What needs to be done:
Please output all the entries word for word, without the pictures.

Items listed in a dataset:
=== Section Start ===
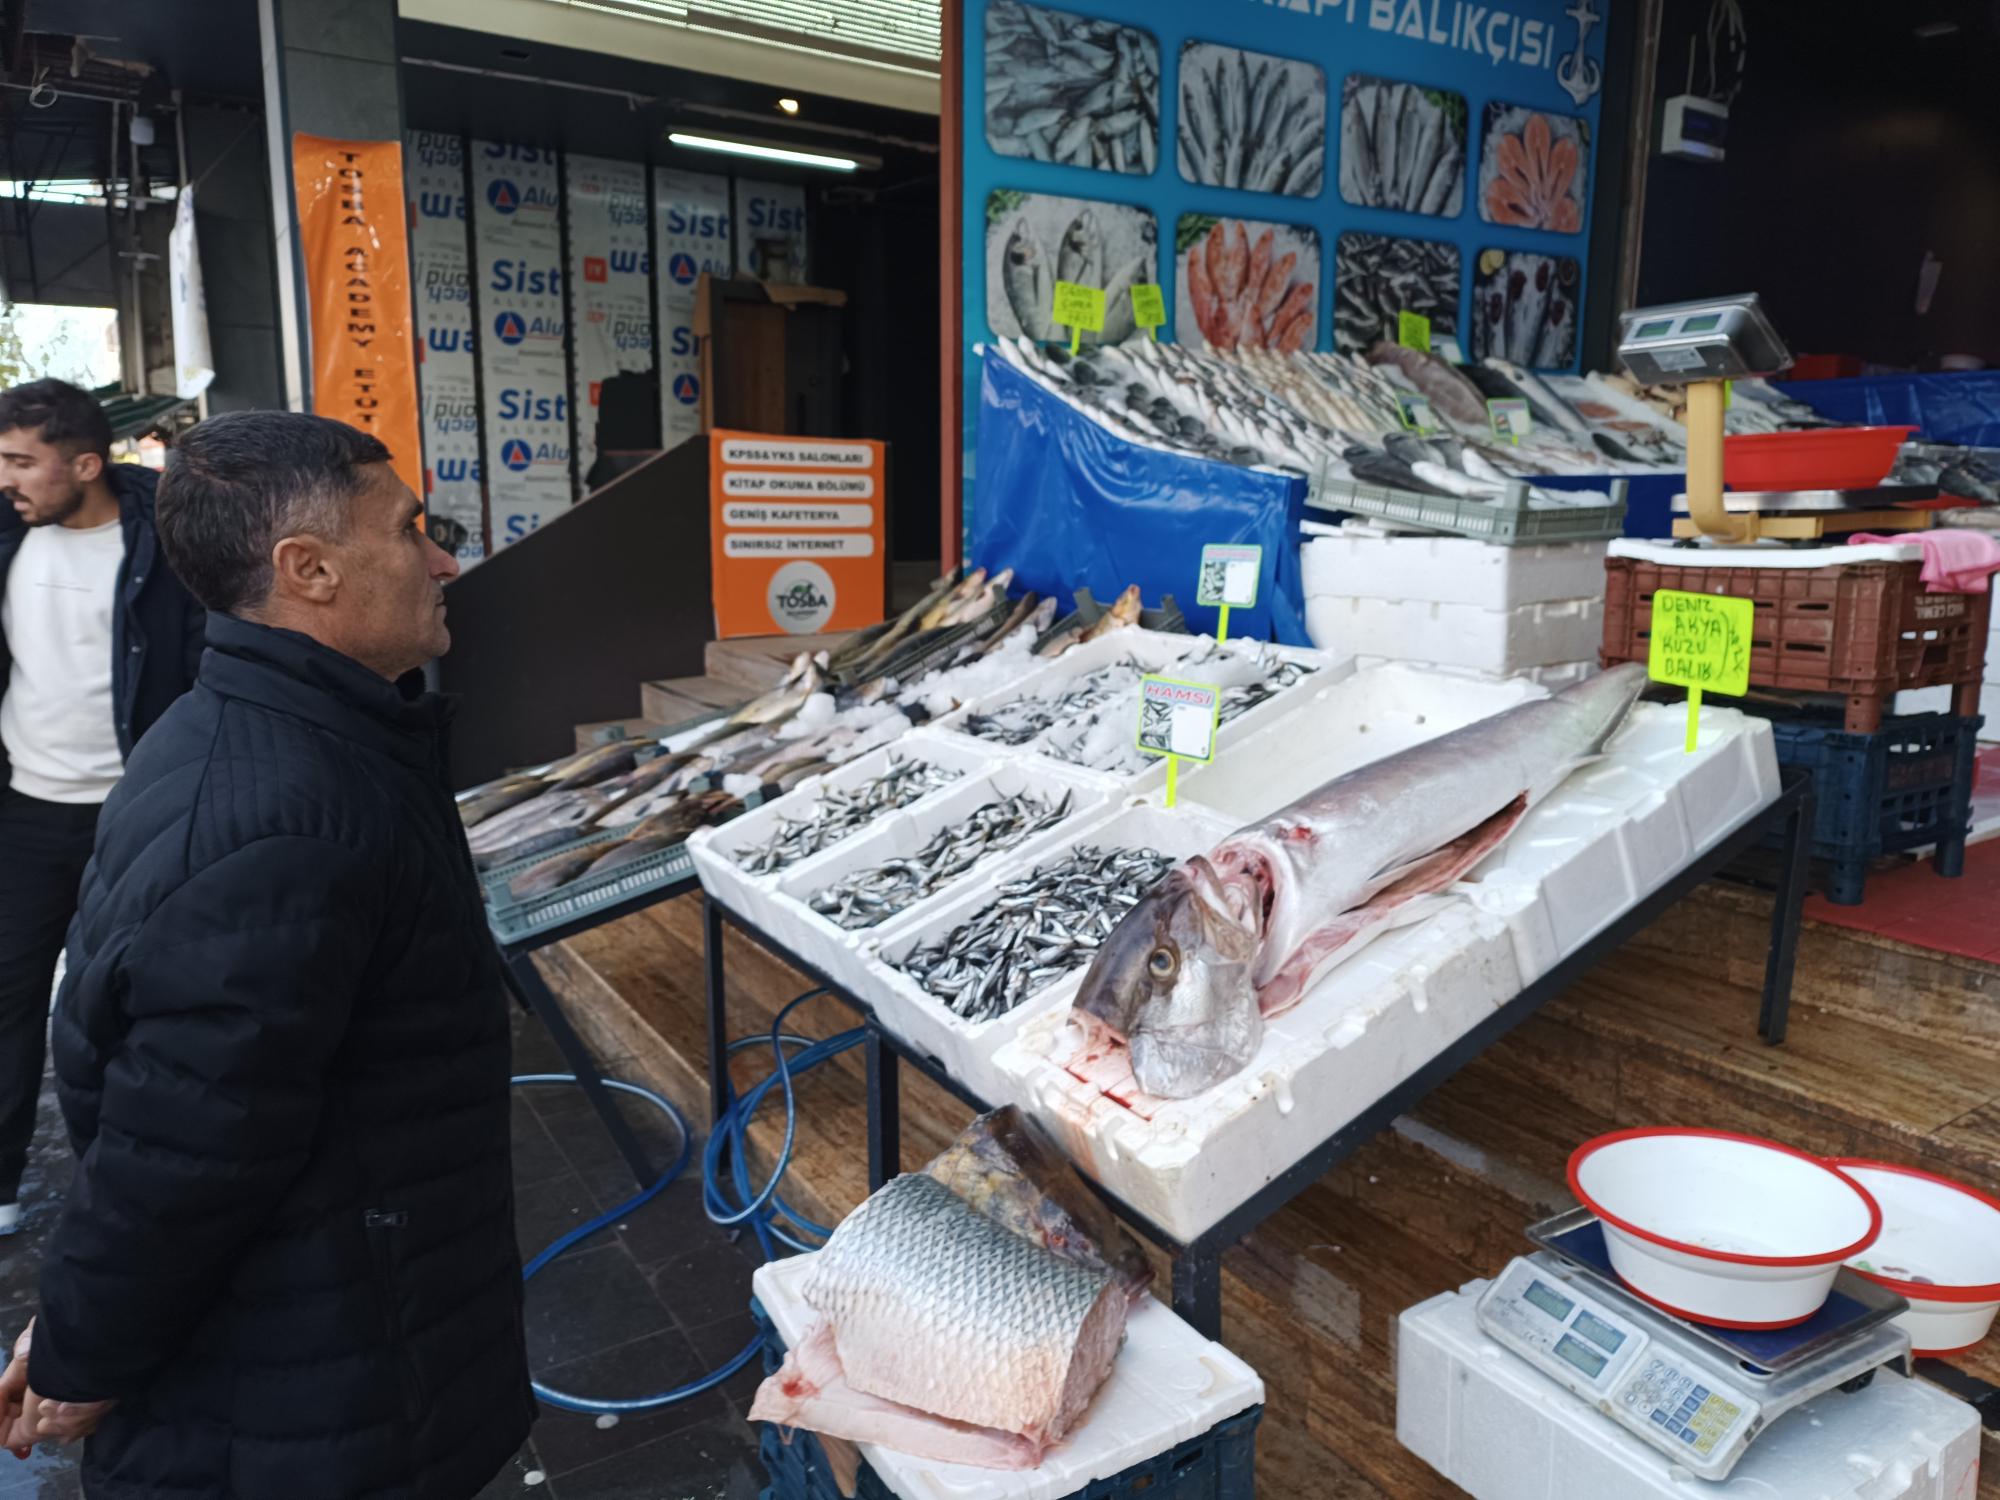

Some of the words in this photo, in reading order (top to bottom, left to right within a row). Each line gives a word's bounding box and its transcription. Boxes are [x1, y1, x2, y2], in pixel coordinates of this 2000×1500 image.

[1369, 0, 1555, 69] BALIKÇISI
[491, 258, 561, 297] Sist
[345, 247, 375, 348] ACADEMY
[498, 388, 567, 422] Sist
[799, 452, 863, 463] SALONLARI
[729, 478, 765, 489] KİTAP
[769, 480, 813, 491] OKUMA
[817, 479, 866, 492] BÖLÜMÜ
[730, 507, 767, 521] GENİŞ
[772, 510, 839, 520] KAFETERYA
[731, 540, 782, 550] SINIRSIZ
[776, 594, 829, 608] TOSBA
[1662, 635, 1707, 655] KUZU
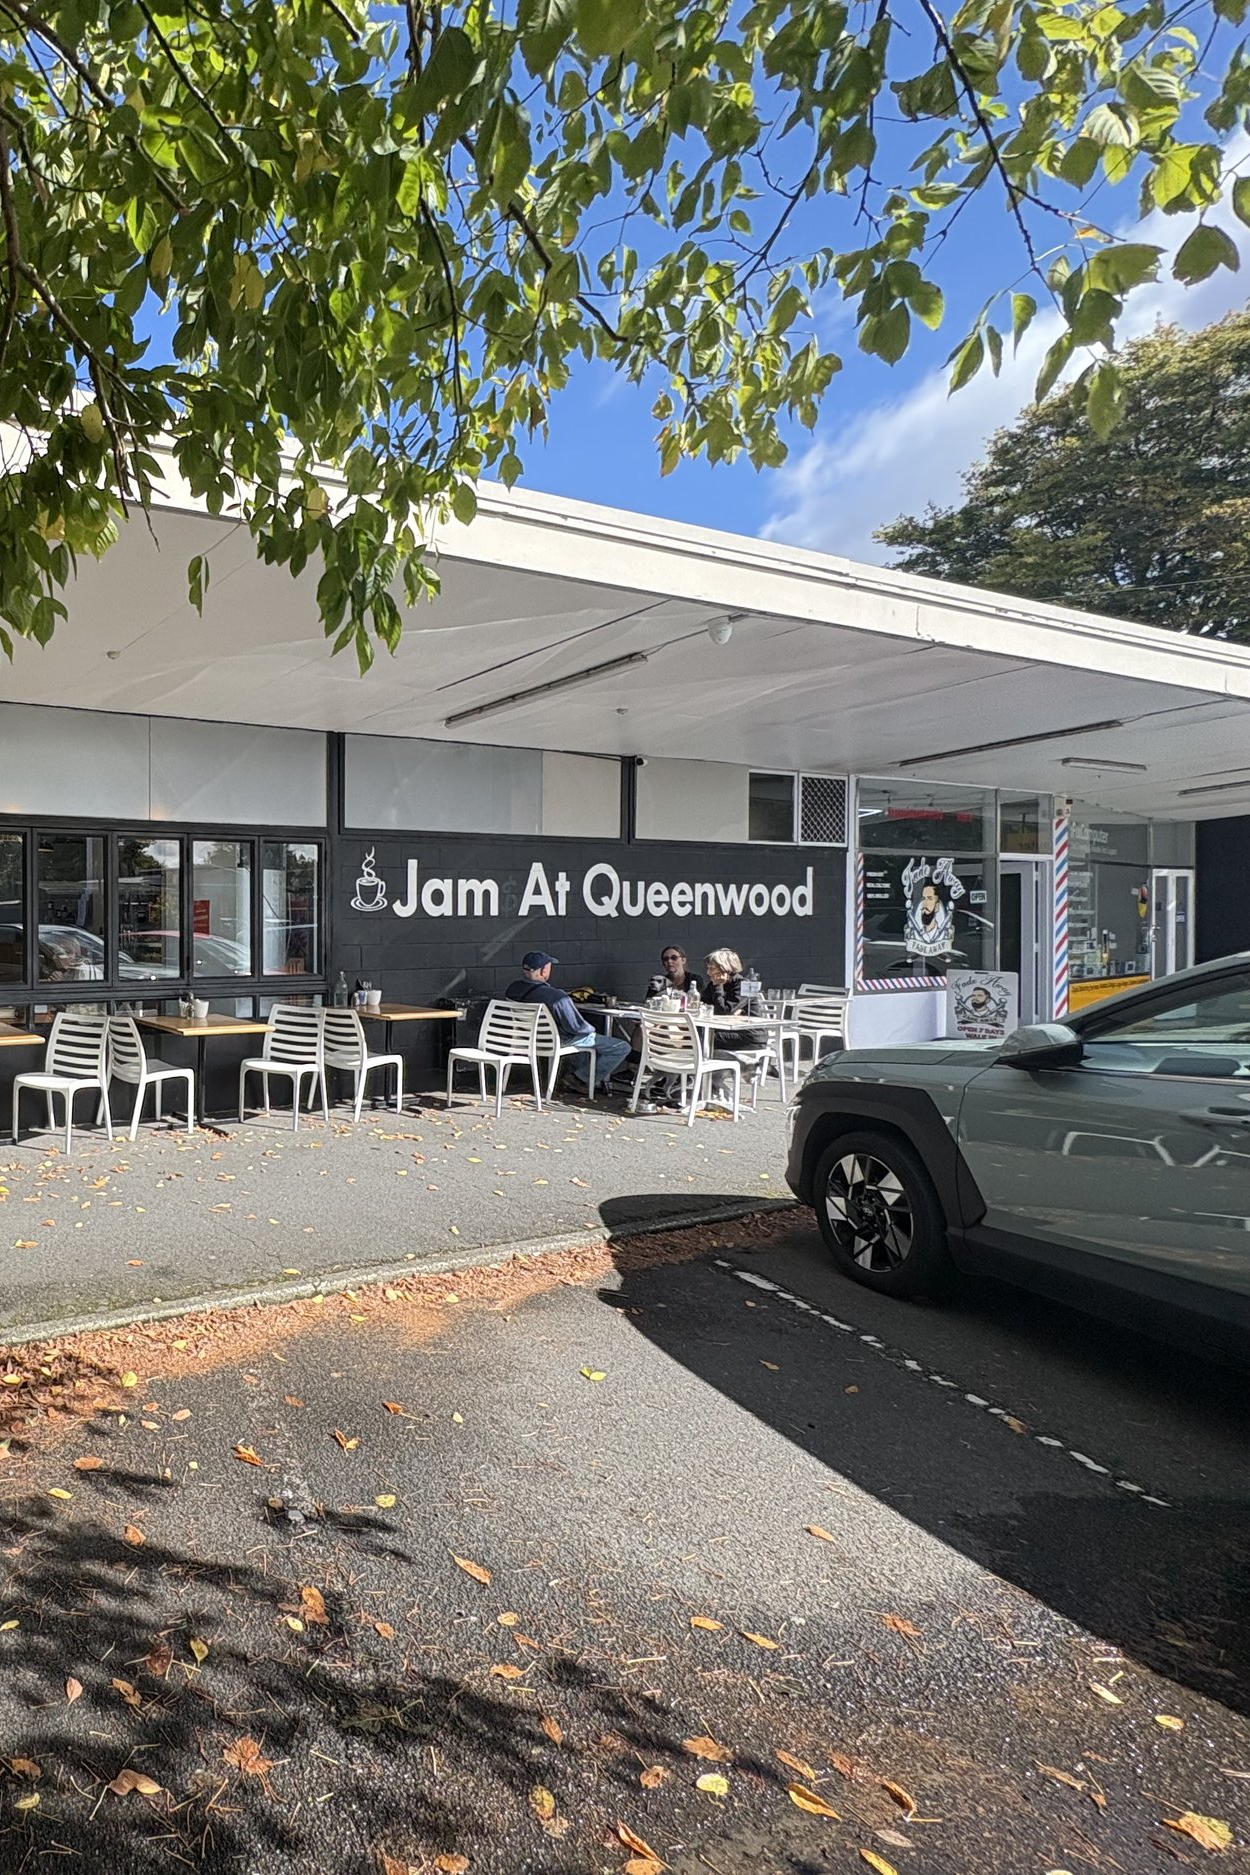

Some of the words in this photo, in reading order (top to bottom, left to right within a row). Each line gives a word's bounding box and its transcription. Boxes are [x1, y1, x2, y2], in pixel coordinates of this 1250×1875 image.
=== Section End ===
Task answer:
Some of the words in this photo, in reading order (top to bottom, left to right within a row). Each line gives a word's bounding box and its transcription. Boxes are [x1, y1, x2, y2], in pixel coordinates of this 2000×1500 image.

[1369, 0, 1555, 69] BALIKÇISI
[491, 258, 561, 297] Sist
[345, 247, 375, 348] ACADEMY
[498, 388, 567, 422] Sist
[799, 452, 863, 463] SALONLARI
[729, 478, 765, 489] KİTAP
[769, 480, 813, 491] OKUMA
[817, 479, 866, 492] BÖLÜMÜ
[730, 507, 767, 521] GENİŞ
[772, 510, 839, 520] KAFETERYA
[731, 540, 782, 550] SINIRSIZ
[776, 594, 829, 608] TOSBA
[1662, 635, 1707, 655] KUZU

Some of the words in this photo, in reading order (top to bottom, left to right within a row). Each line gives a word's bounding box and its transcription. Boxes are [x1, y1, x2, y2], in pixel coordinates of this 1250×1875 image.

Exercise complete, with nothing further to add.